I couldn’t help feeling envious. No friend’s eyes would watch, no friend would understand the true meaning of what was happening when I closed my eyes for the last time and my flesh embarked on its own experience of dissolution.

“When he came home from the clinic, I should have persuaded him to go back again,” I said.

“No—the boy couldn’t have stayed there any longer,” his grand-mother replied. “The other mental patients were so impressed with the fine things he’d done there that he couldn’t possibly have remained any longer. You shouldn’t forget that and blame yourself. What’s happened has made it quite plain—it was the best thing possible for him to leave the clinic and lead a free life. If he’d killed himself there, he could never have painted his face red and hanged himself naked, could he? The other patients wouldn’t have let him, they respected him too much.”

“You bear up so well, you’re a great help.”

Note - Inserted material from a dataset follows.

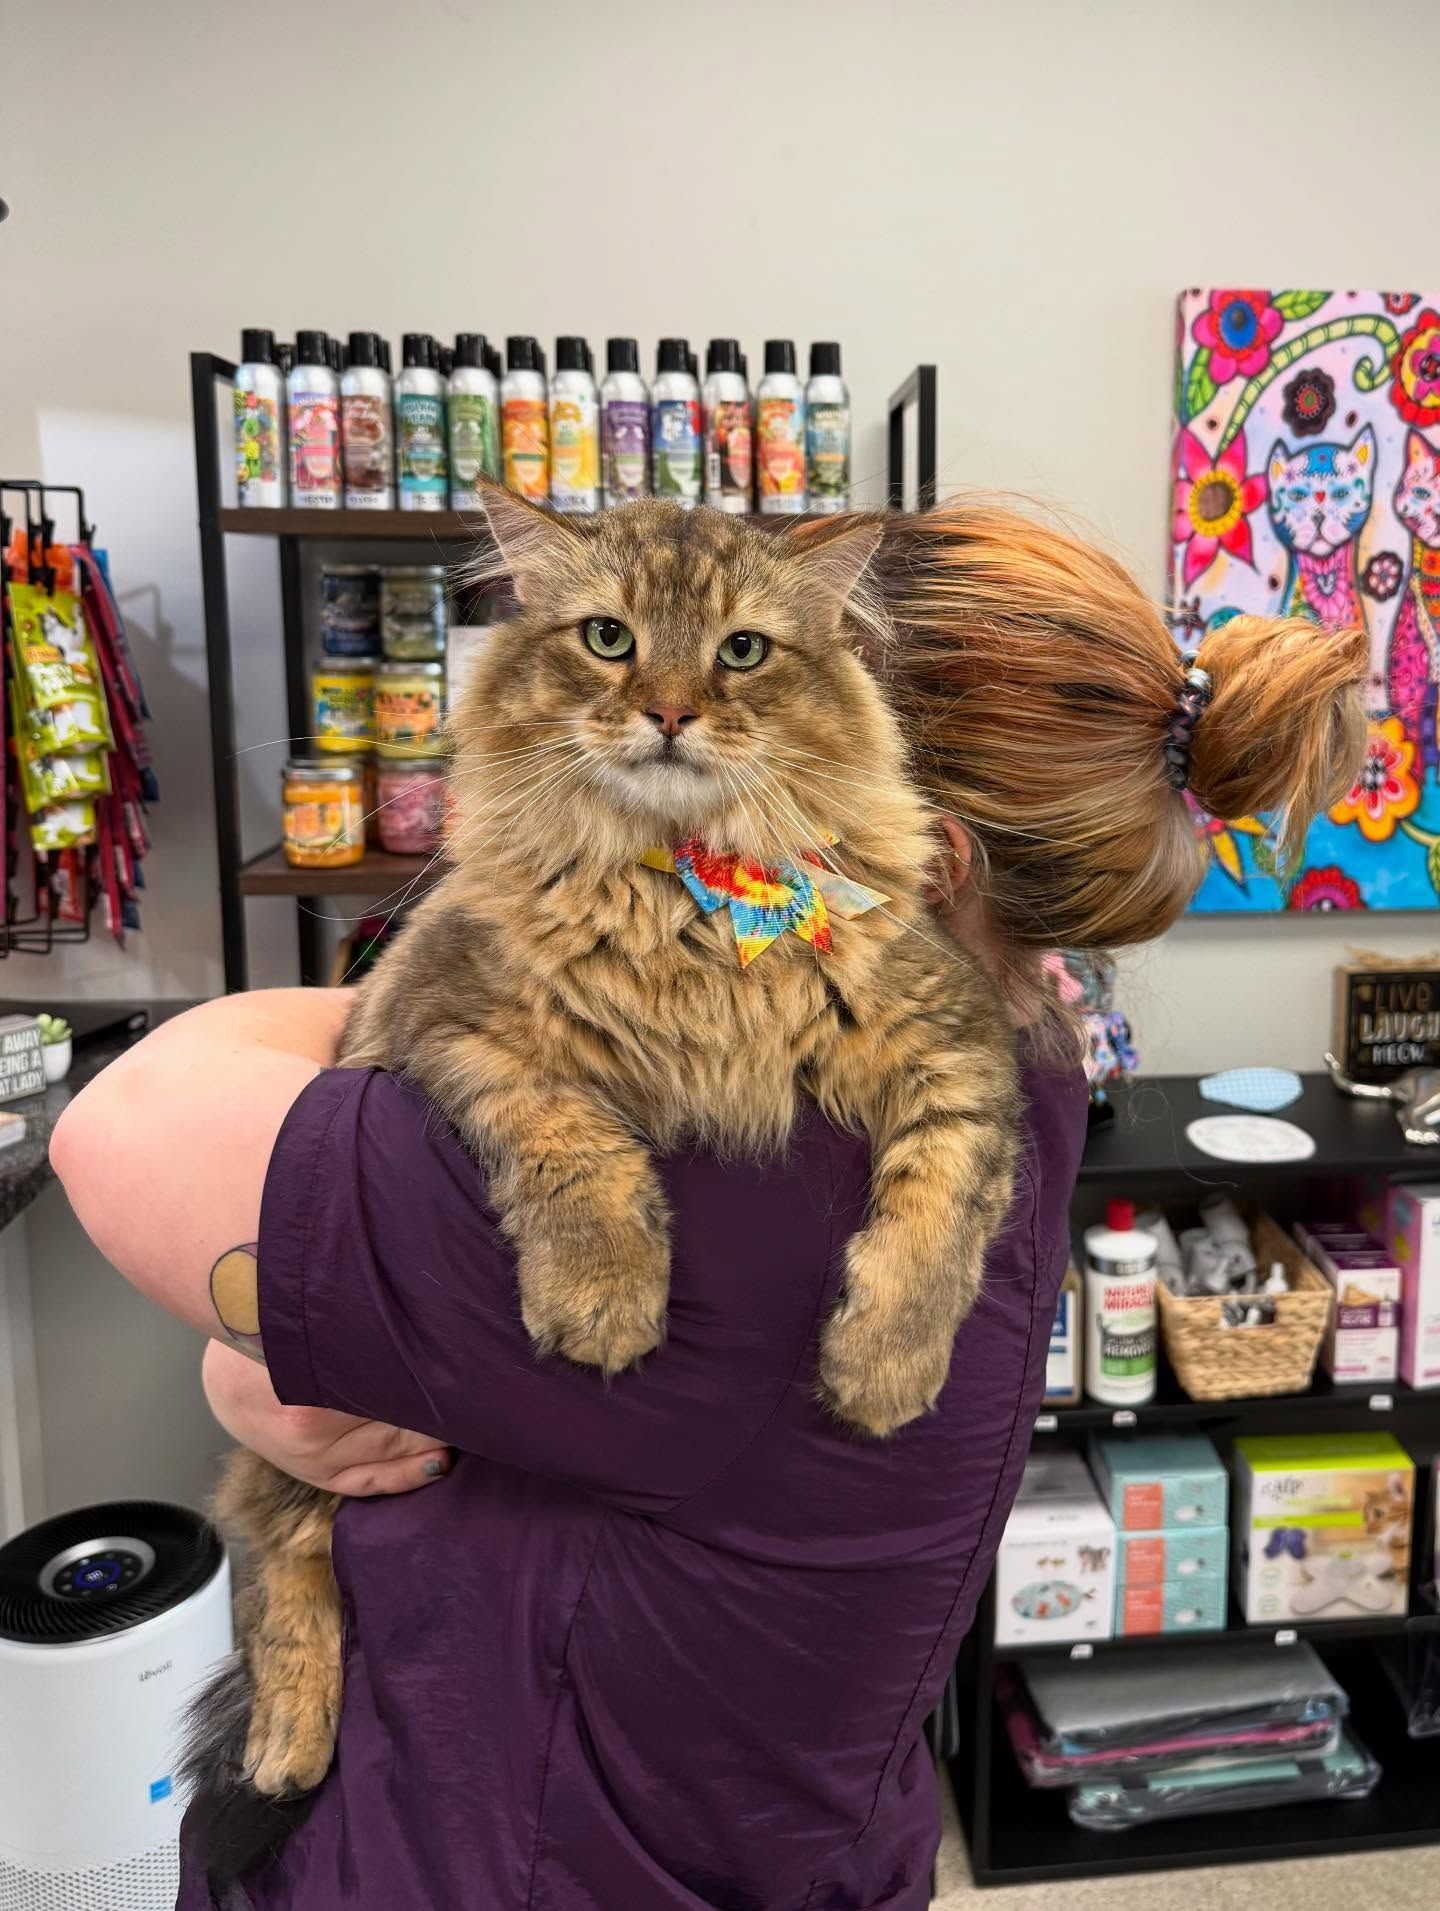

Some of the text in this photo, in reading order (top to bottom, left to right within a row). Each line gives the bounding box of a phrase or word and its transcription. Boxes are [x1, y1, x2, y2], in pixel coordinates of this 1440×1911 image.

“Everyone has to die. And in a hundred years nobody’s going to inquire just how most people died. The best thing is to do it in the way that takes your fancy most.”

At the foot of the bed my friend’s mother sat rubbing the corpse’s feet untiringly, her head hunched into her shoulders like a frightened tortoise, and showed no reaction to our conversation. The small features of the flat, vegetable face that so cruelly resembled her dead son were all slack, like melting candy. It seemed to me I’d never seen a face express so immediate or so utter a despair.